This Rnotebook will guide you to generate the sequence alignment and substitution rates shift pattern for each DNA element, as well as the average probability of being acceleration and conservation state per branch over all input elements. It will need:

  1. A rooted phylogenetic tree in Newick format
  2. Output files from PhyloAcc: xxx_species_names.txt, xxx_elem_lik.txt, xxx_rate_postZ_xxx
  3. (To plot sequence alignment) Concatenated alignment file (*.fasta) of all elements same as input to PhyloAcc
  4. (To plot sequence alignment) A bed file specify the position of each element within the concatenated alignment same as input to PhyloAcc
  5. All the R functions for this notebook are in drawAlign_function.R.

Read in tree data

Inputs to prepare_data are:

  1. tree_path takes a file (.mod) contains a rooted phylogenetic tree in Newick format including the topology and branch lengthes, which could be output from phyloFit (PHAST);

  2. species_name takes a file output by PhyloAcc (xxx_species_names.txt) containing the species names in the same order as the columns in xxx_rate_postZ_xxx files.

  3. (Optional) a file with common name of the species to be shown in the plots: the argument common_name is optional which takes a file with abbreviation of species name appeared in the sequences and tree files in the first column and species common name shown on the plot in the second column, and extra columns (not used in the scripts) such as full species names.

The function prepare_dat will output a list containing the tree and names etc. as input to plotZPost and plotAlign to generate plots.

treeData <- prepare_data(tree_path = "../Data/ratite/neut_ver3_final.named.mod", species_name = "../Data/ratite/species_names.txt", common_name = "../Data/ratite/birdname2.txt")

Generate evolutionary pattern and sequence alignment for one element from PhyloAcc outputs

plotZPost function will show the shift pattern of substitution rates on the phylogengy. It will need:

  1. xxx_elem_lik.txt: output by PhyloAcc containing log-likelihoods under different models for each element.
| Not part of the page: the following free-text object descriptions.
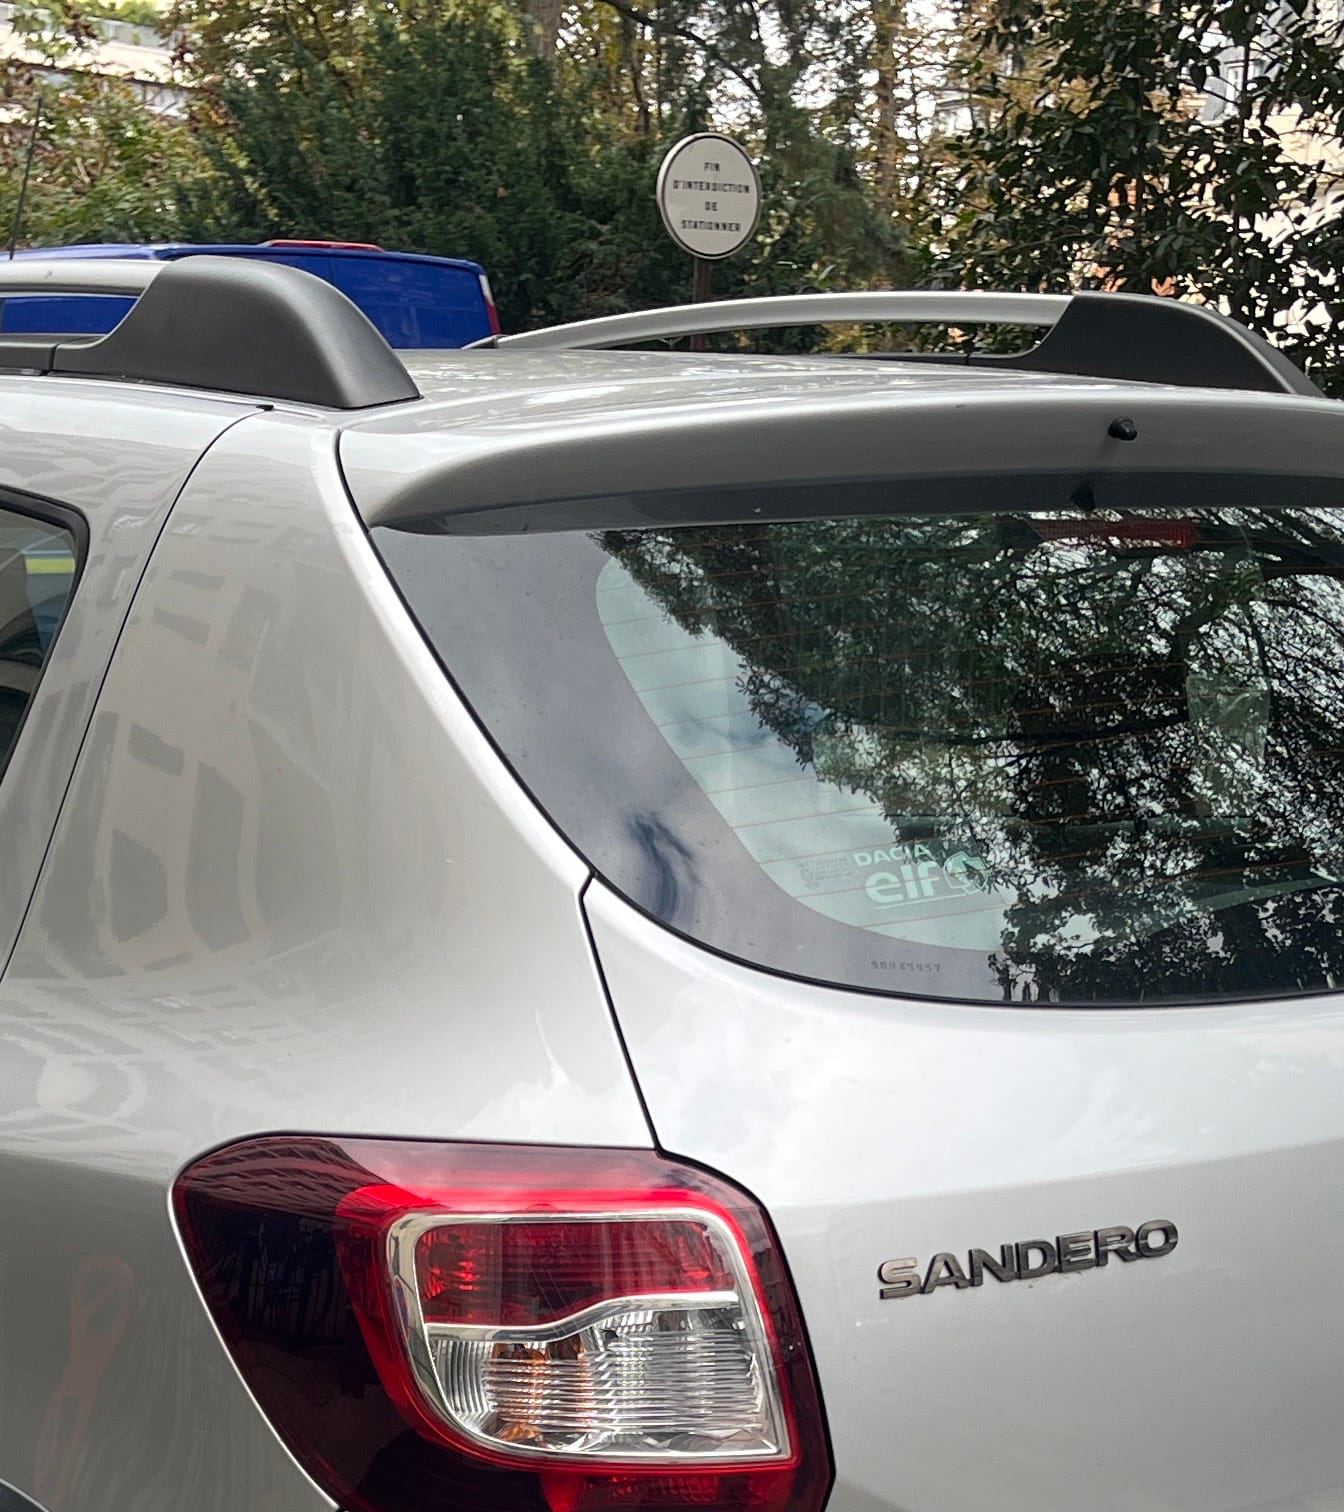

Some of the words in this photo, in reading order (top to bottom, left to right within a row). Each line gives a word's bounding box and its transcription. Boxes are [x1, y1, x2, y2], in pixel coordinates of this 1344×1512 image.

[704, 162, 720, 172] FIN
[672, 180, 749, 193] D'INTERDICTION
[704, 201, 718, 211] DE
[681, 219, 741, 232] STATIONNER
[854, 844, 932, 867] DACIA
[865, 860, 940, 904] elf
[877, 1219, 1179, 1300] SANDERO
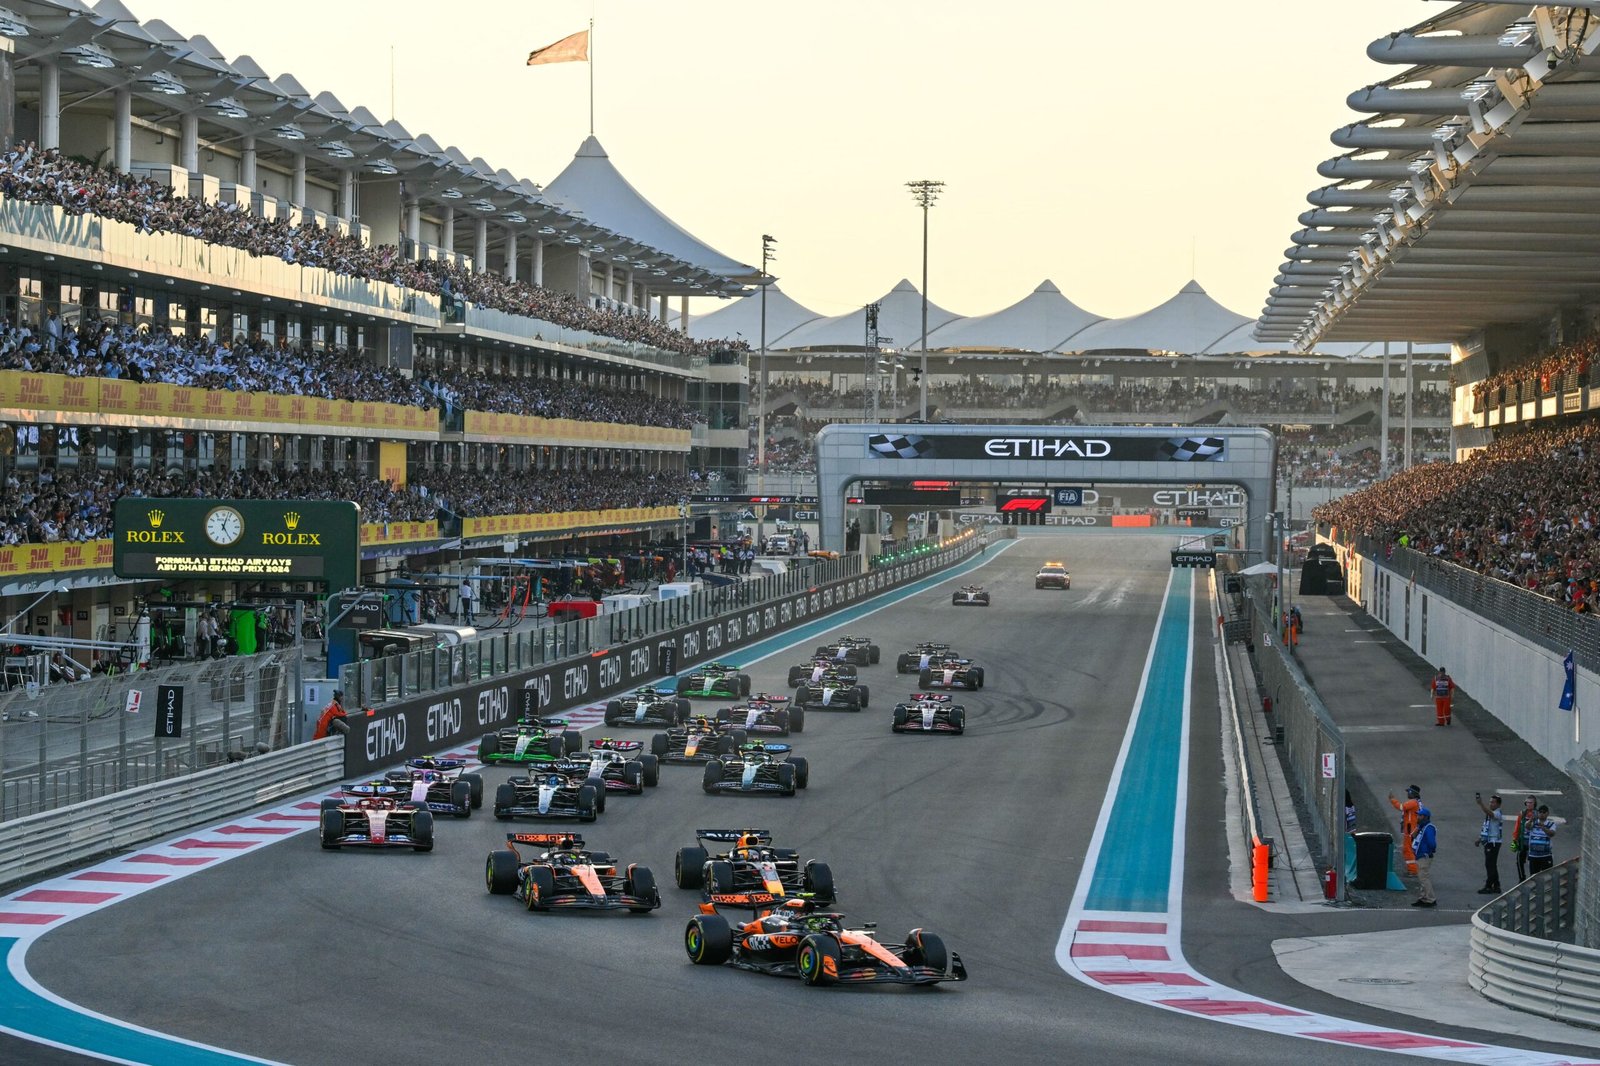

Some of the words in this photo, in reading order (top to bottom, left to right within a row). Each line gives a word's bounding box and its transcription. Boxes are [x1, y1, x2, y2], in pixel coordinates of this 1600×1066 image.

[17, 378, 45, 403] DHL
[60, 381, 86, 407] DHL
[100, 384, 125, 409] DHL
[984, 438, 1111, 458] ETIHAD
[795, 511, 819, 520] ETI
[127, 531, 185, 543] ROLEX
[262, 533, 321, 545] ROLEX
[155, 557, 201, 565] FORMULA
[210, 558, 245, 566] ETIHAD
[246, 558, 292, 566] AIRWAYS
[178, 564, 207, 572] DHABI
[242, 565, 265, 573] PRIX
[265, 565, 290, 573] 2024
[1176, 556, 1212, 565] ETIHAD
[342, 603, 379, 611] EIHAD
[683, 631, 700, 658] ETIHAD
[600, 656, 621, 689] ETIHAD
[630, 646, 650, 677] ETIHAD
[564, 665, 589, 699] ETIHAD
[166, 689, 175, 734] ETIHAD
[478, 686, 509, 726] ETIHAD
[427, 698, 462, 743] ETIHAD
[366, 713, 406, 761] ETIHAD
[775, 936, 797, 944] VELO
  2. xxx_rate_postZ_xxx: output by PhyloAcc having the posterior medians of conserved and accelerated substitution rates and the posterior probability of Z on each branch for different models. In the following example, we will use the result from xxx_rate_postZ_M2.txt and plot the conservation states under the full model.
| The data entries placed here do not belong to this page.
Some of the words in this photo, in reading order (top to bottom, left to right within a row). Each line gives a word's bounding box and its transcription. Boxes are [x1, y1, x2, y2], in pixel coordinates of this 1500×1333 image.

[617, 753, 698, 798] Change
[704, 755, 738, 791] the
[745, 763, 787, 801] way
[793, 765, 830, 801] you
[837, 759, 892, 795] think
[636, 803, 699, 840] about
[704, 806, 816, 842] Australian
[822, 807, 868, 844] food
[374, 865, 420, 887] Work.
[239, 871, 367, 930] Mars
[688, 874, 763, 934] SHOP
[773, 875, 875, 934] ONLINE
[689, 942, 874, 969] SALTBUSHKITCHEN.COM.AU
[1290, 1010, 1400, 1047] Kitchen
#### read in BF scores as well as marginal log likelihood under null, accelerated and full model #### 
score <- read.table("../example_output/simu_500_200_npc_2-6_elem_lik.txt", header=T)

## order score by BF1
score <- score[order(-score$logBF1),]

#### read in posteriors of substitution rates and latent conservation states ####
postZ <- read.table("../example_output/simu_500_200_npc_2-6_rate_postZ_M2.txt", header=T, check.names = F)  

Select an ratite-accelerated element (e.g. logBF2 > 1 and large BF1) and plot:

sel <- which(score$logBF2 > 1)[1] # select the element with largest BF1 and BF2 > 0
lk = score[sel, ]
k = score[sel, 1] # get the No. of the selected element
targets = c("strCam","rhePen","rheAme","casCas","droNov","aptRow","aptHaa","aptOwe","anoDid") # target species
Z = unlist(postZ[postZ$No. == k, -1]) # get the posteriors of conservation states
tit = paste("logBF1:", round(lk$logBF1), "logBF2:",round(lk$logBF2), "  ") # use BF scores and posterior substitution rates as title
plotZPost(Z, treeData, target_species=targets, tit=tit, offset=5,cex.score = 2) # offset= 6 indicates the posterior of Z start from 7th column

plotAlign function will show the sequence alignment for an element as a heatmap. It will need 1) a bed file and 2) sequence alignments.
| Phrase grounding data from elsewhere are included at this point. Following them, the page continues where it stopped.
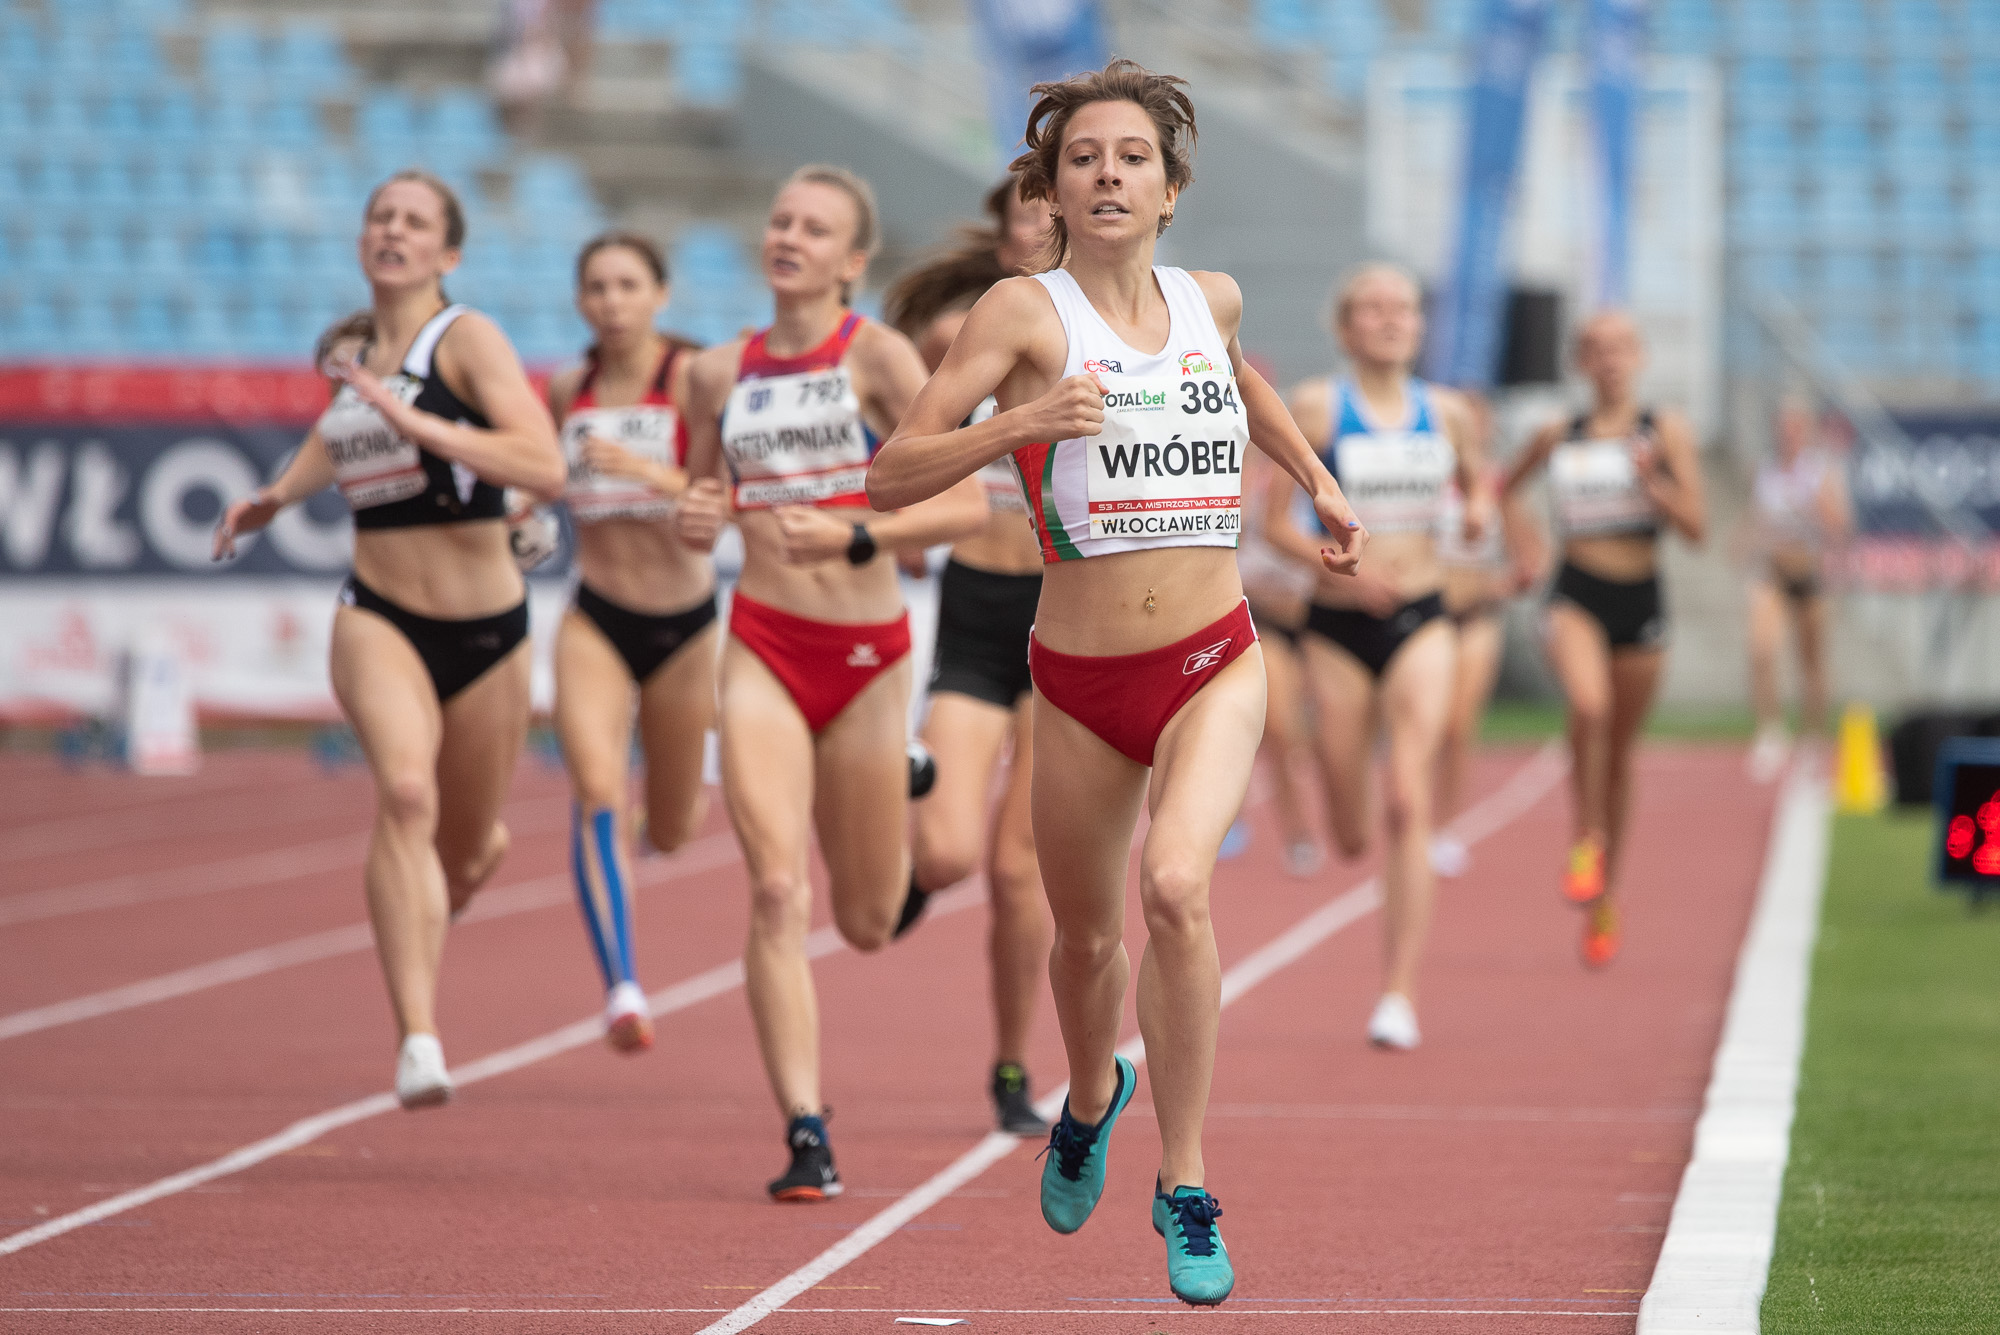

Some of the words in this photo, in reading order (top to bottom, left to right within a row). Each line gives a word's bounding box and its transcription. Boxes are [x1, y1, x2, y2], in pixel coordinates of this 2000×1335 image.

[1180, 380, 1239, 414] 384
[1098, 433, 1240, 479] WRÓBEL
[1098, 503, 1115, 511] 53.
[1117, 502, 1143, 510] PZLA
[1146, 500, 1208, 509] MISTRZOSTWA
[1209, 498, 1232, 507] POLSKI
[1101, 514, 1212, 534] WŁOCŁAWEK
[1215, 513, 1239, 530] 2021
In the example bed file for simulation, the 1th column is element name; the 2nd and 3rd columns are start and end positions in the alignment for each element; the 6th and 7th columns are conserved and accelerated rates to generate the DNA sequences for that element.

bed <- read.delim("../Simulation_ratite/simu_500_200_diffr_2-6.bed", header=F)
fasta <- read.alignment(file = "../Simulation_ratite/simu_500_200_diffr_2-6.fasta", format = "fasta")  
align <- as.matrix(fasta)
align <- align[treeData$tree$tip.label,]  # reorder species in the alignment to be the same as tips of the tree. The name of the species in the alignment file has to the same as in the tree!

To plot the substitutions (as well as indels and unknown base pairs ‘N’) of the kth element across species,

plotAlign(k, align, bed, treeData, target_species=targets)